The practice field has been bombarded with tinted visors this offseason, as rookies, veterans, stars and role players alike have kept their eyes hidden behind the mask.
"I think as swagged out as they want to get, it's all right," Kingsbury said. "And it's bright every day. I feel their pain. I wear sunglasses, so they can wear visors."
Notable players wearing the tinted visors include quarterback Kyler Murray, running back David Johnson, cornerback Patrick Peterson, linebacker Terrell Suggs, wide receiver Christian Kirk, safety D.J. Swearinger, cornerback Byron Murphy, linebacker Jordan Hicks, tight end Ricky Seals-Jones, cornerback Robert Alford and defensive end Darius Philon, among others.
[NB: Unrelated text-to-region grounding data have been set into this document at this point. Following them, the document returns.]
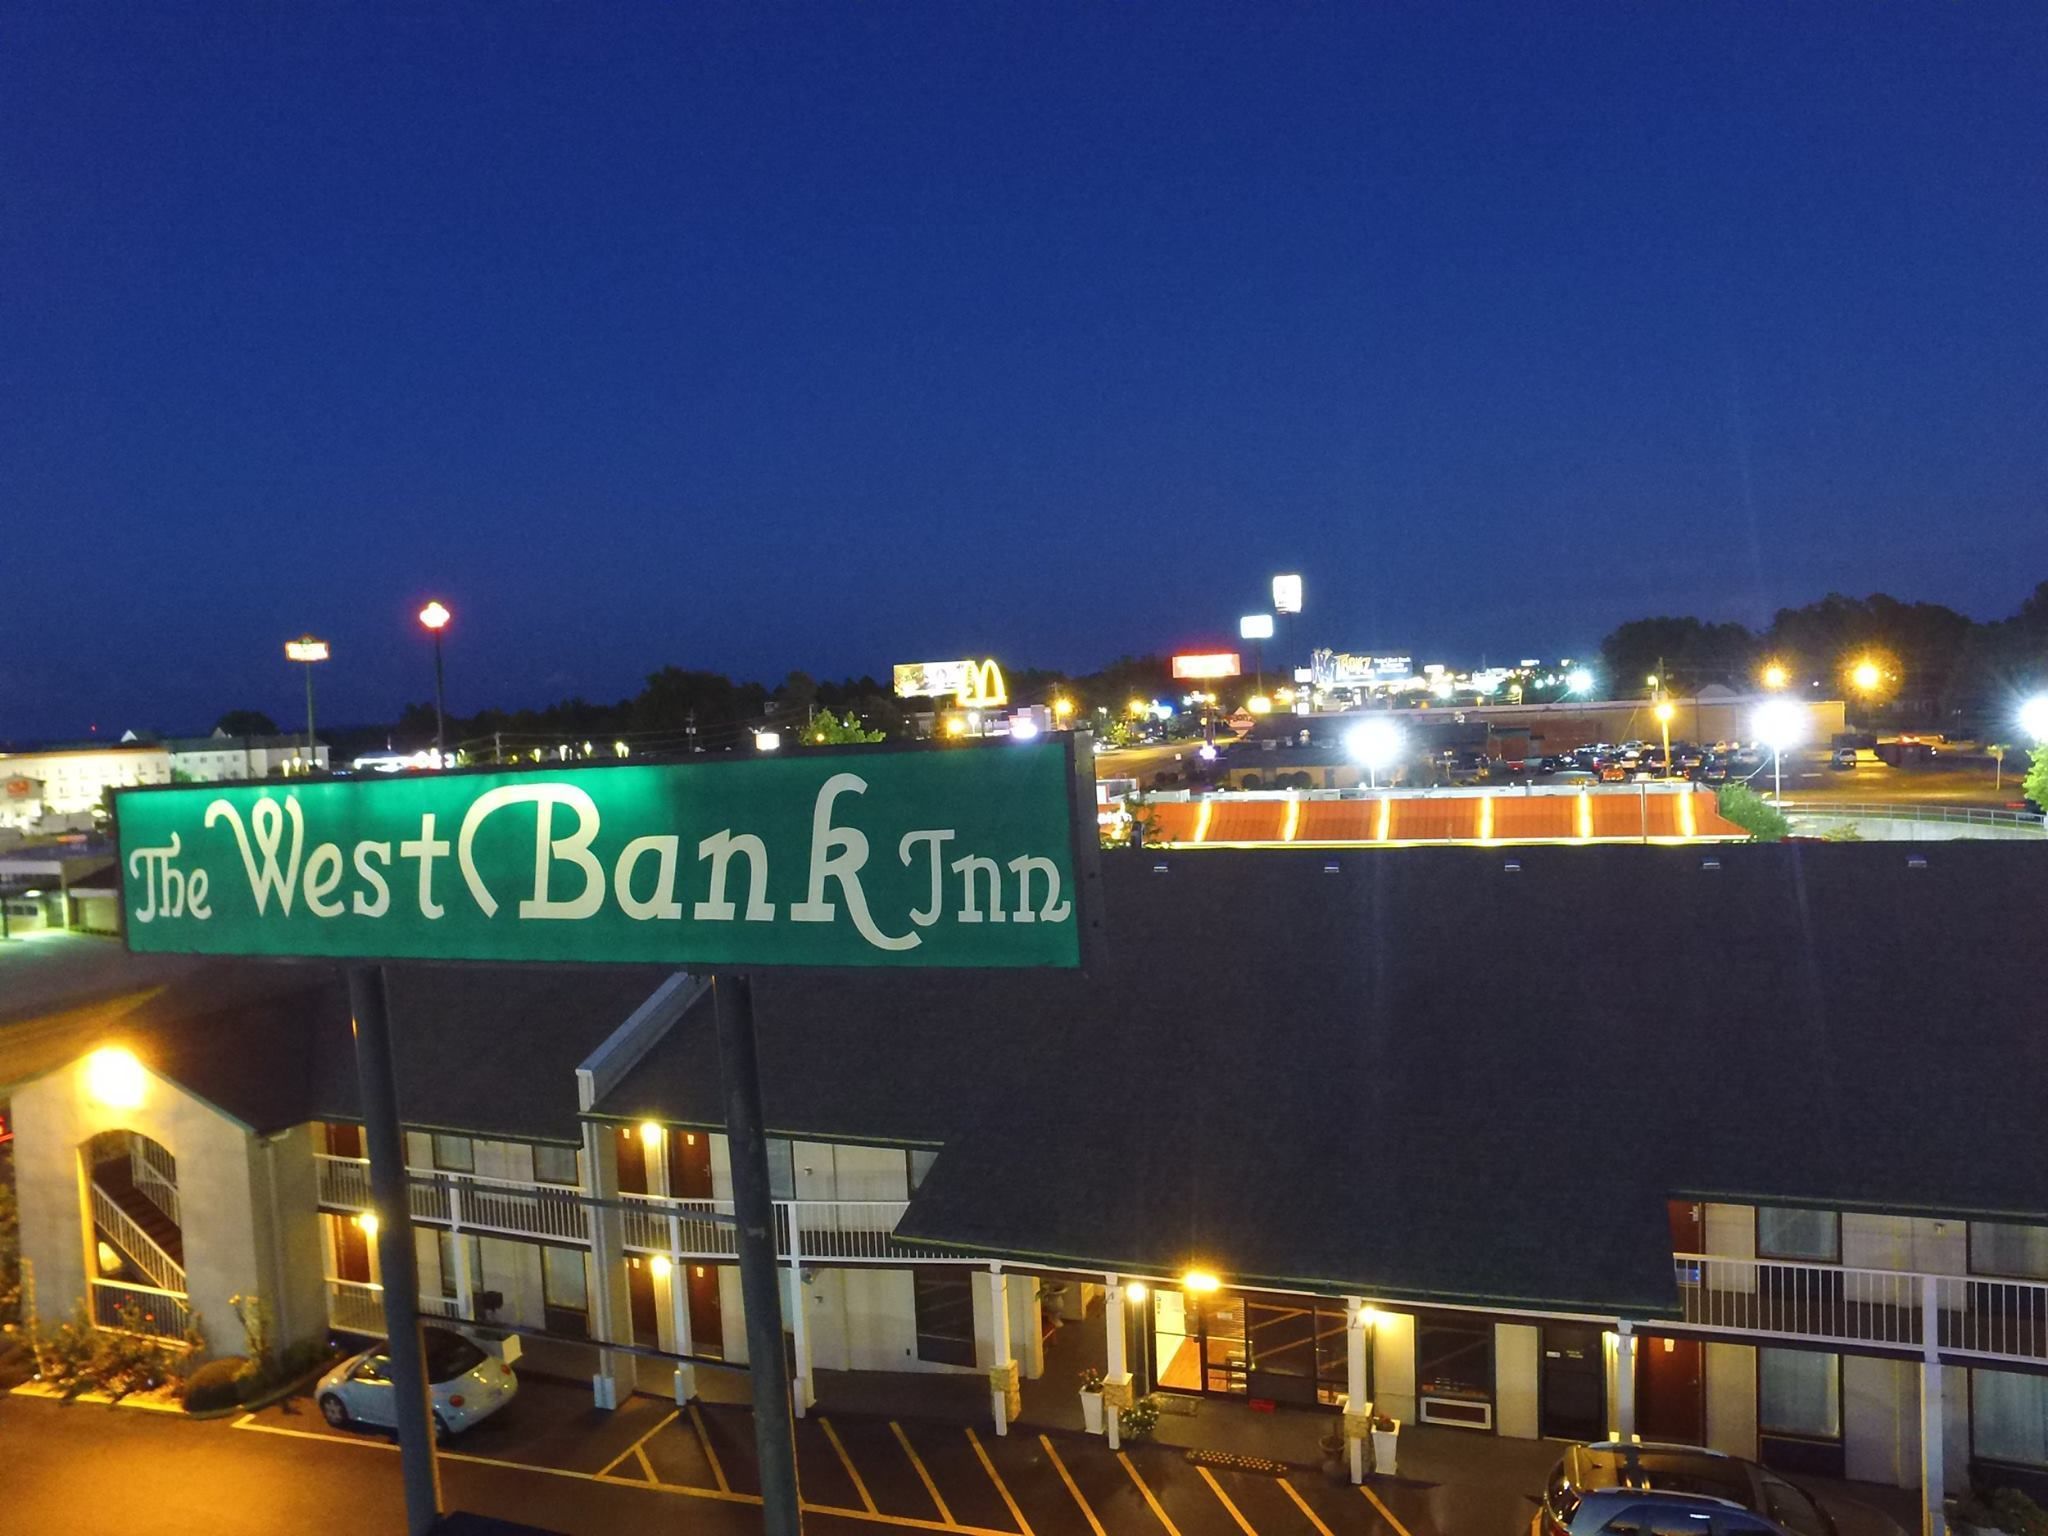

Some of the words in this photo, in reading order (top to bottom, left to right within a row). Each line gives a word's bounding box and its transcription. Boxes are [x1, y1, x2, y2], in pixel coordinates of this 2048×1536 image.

[130, 831, 212, 923] The
[205, 794, 450, 920] West
[458, 772, 922, 951] Bank
[899, 829, 1071, 926] Inn
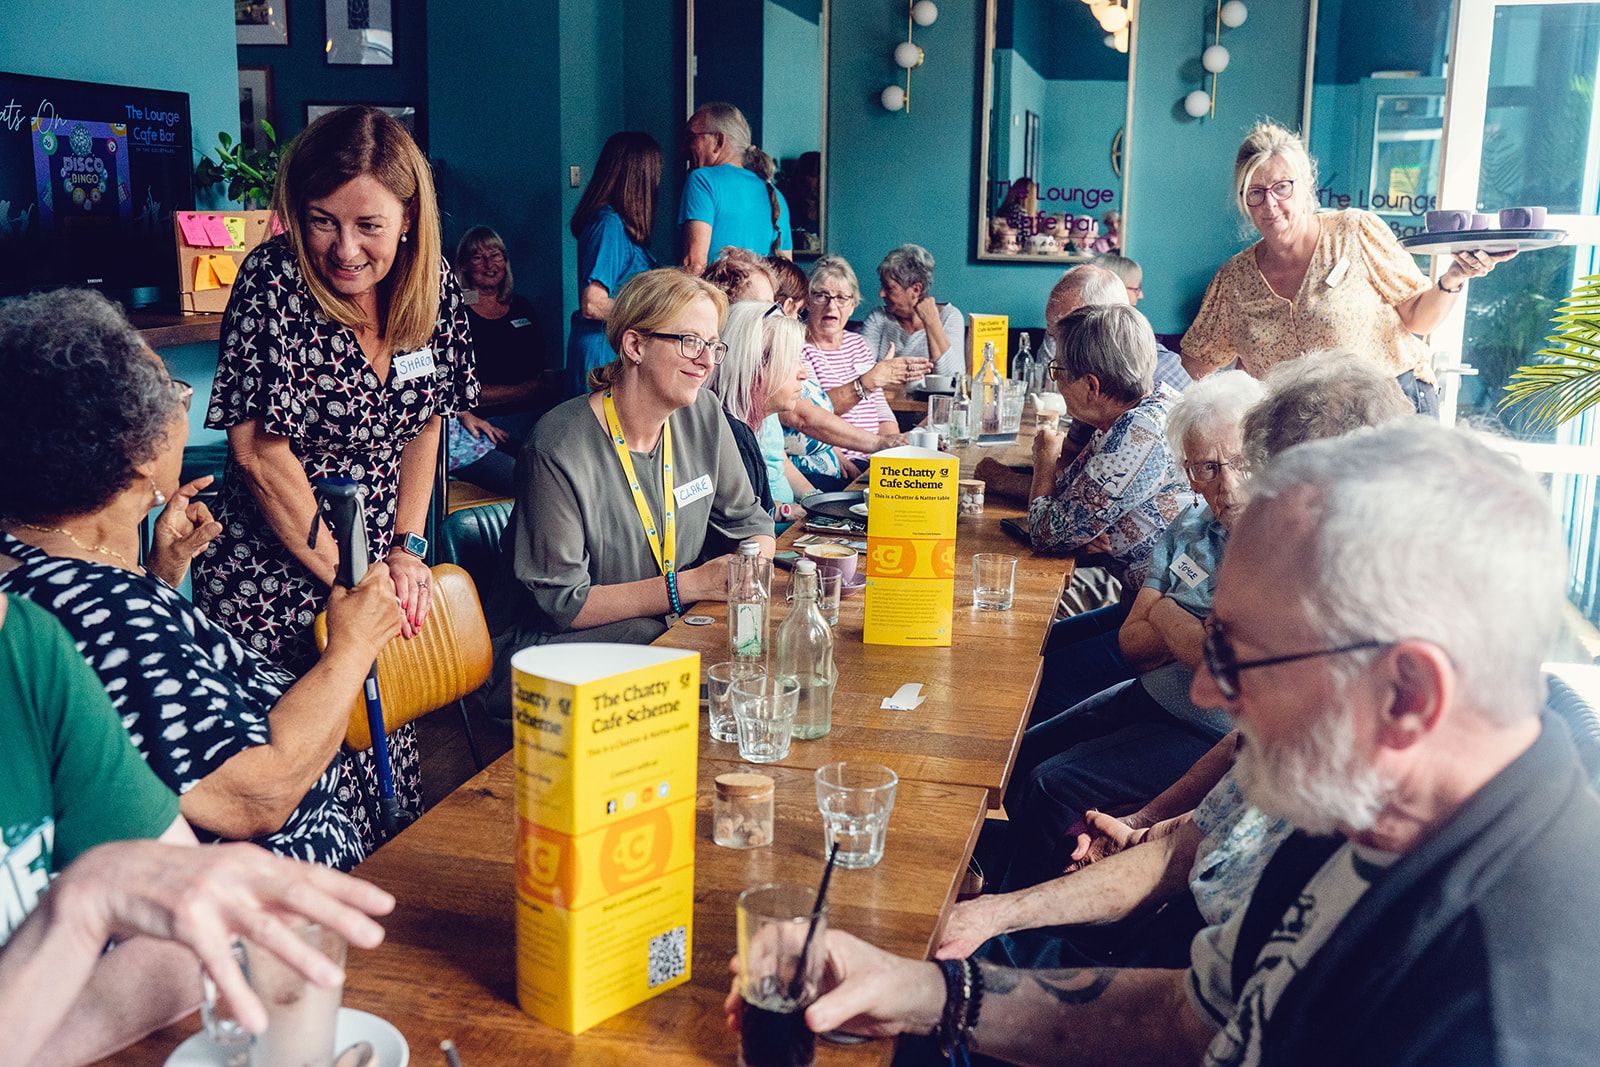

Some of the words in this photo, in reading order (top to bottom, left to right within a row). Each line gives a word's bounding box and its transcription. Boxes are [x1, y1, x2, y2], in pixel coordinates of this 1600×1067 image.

[0, 98, 26, 131] ats
[36, 98, 68, 134] On
[125, 104, 143, 120] The
[144, 106, 180, 127] Lounge
[134, 126, 158, 146] Cafe
[160, 128, 176, 142] Bar
[63, 156, 104, 173] DISCO
[72, 174, 98, 184] BINGO
[1036, 182, 1114, 210] Lounge
[1318, 186, 1350, 208] The
[1064, 213, 1098, 232] Bar
[880, 467, 900, 476] The
[902, 467, 936, 479] Chatty
[880, 479, 902, 488] Cafe
[904, 480, 943, 489] Scheme
[680, 478, 708, 500] CLARE
[593, 692, 620, 711] The
[623, 680, 670, 702] Chatty
[591, 712, 622, 734] Cafe
[626, 700, 680, 724] Scheme
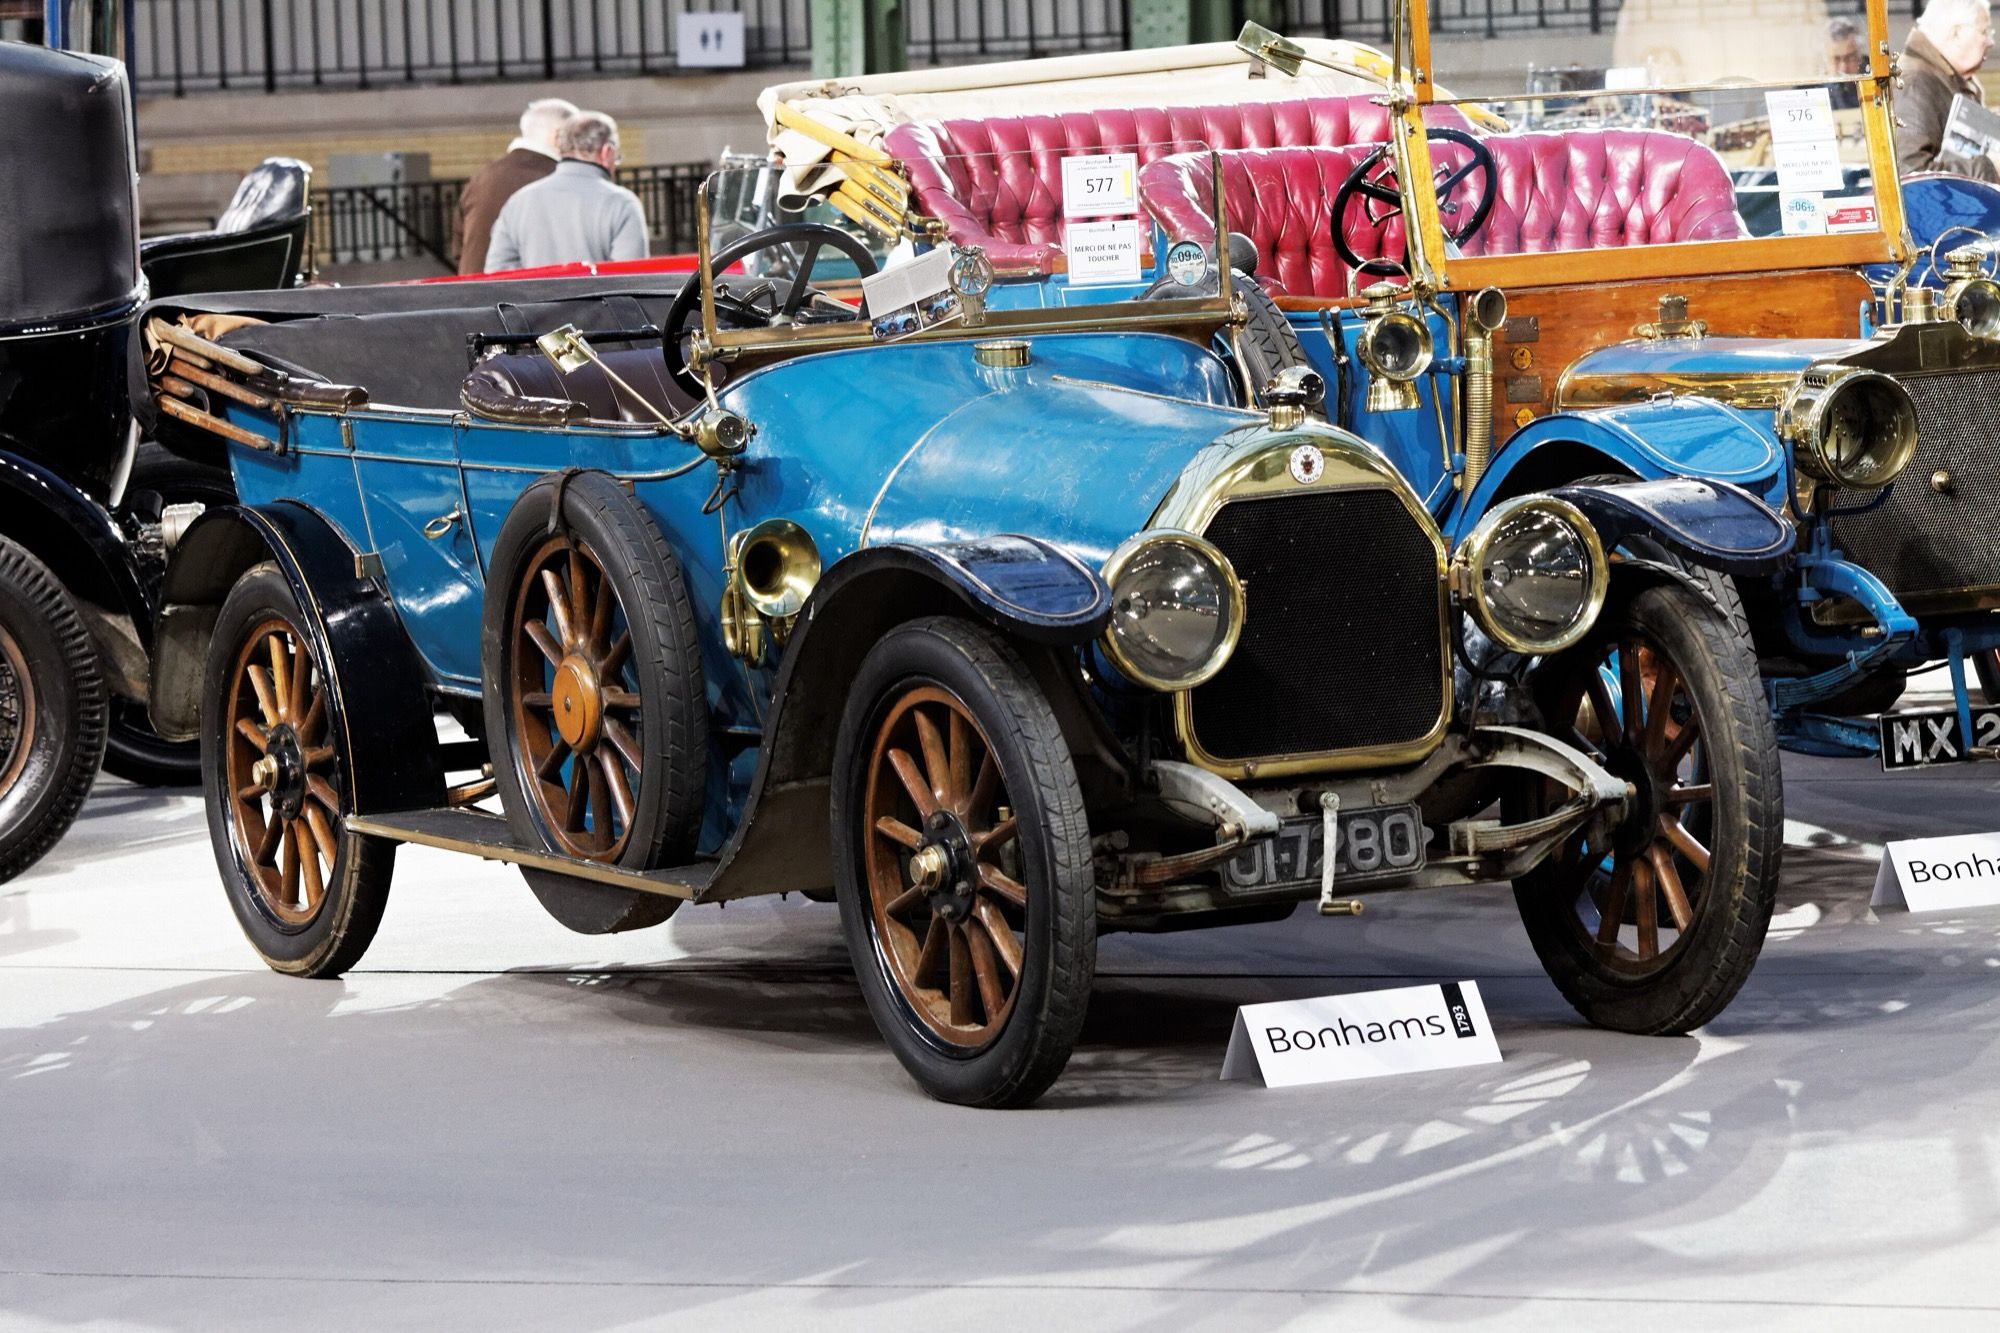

"Everybody wants to look good out there," Swearinger said. "Get a good picture for Instagram."
Images of the players adding some swag to their practice attire
It's a stark departure from last season, when tinted visors were not allowed by coach Steve Wilks, according to running back Chase Edmonds.
"Someone might have had one," Edmonds said. "Maybe Pat P. If you're 8-for-8 (on Pro Bowls), then yeah, go on with that tinted visor. Go on, Pat. But he was like the only one."
Now that he's allowed to wear it, Edmonds has joined the tinted visor brigade.
"I've always been a visor guy," Edmonds said. "I like it a lot. It gives you some shade. You ain't got the sun in your eyes. You got the swag look. I think T-Suggs has the mirror one. You can't see (in) at all. That's dope."
Some players forgo the tinted visors for practical reasons. Edge rusher Chandler Jones doesn't wear one because it makes it harder for him to breathe, but Swearinger scoffed at that.
"D-linemen, man, them boys tend to not be as in good of shape as the DBs," Swearinger said. "I've heard that in the past, but if you're in good shape, you're good."
The tinted visors won't make their way to the games, as the NFL outlawed them in 1998. While Murray likes the look in practice, he is not against the ban.
"Then other people would be able to wear it, and a lot of people look way more scary than I do," Murray said.
Swearinger will continue to wear his clear visor on Sundays -- unless he can successfully petition the NFL to wear the tinted option. That only happens in specific cases accompanied by doctor's note.
"I think I'm going to get LASIK this offseason," Swearinger said. "I might have a little excuse."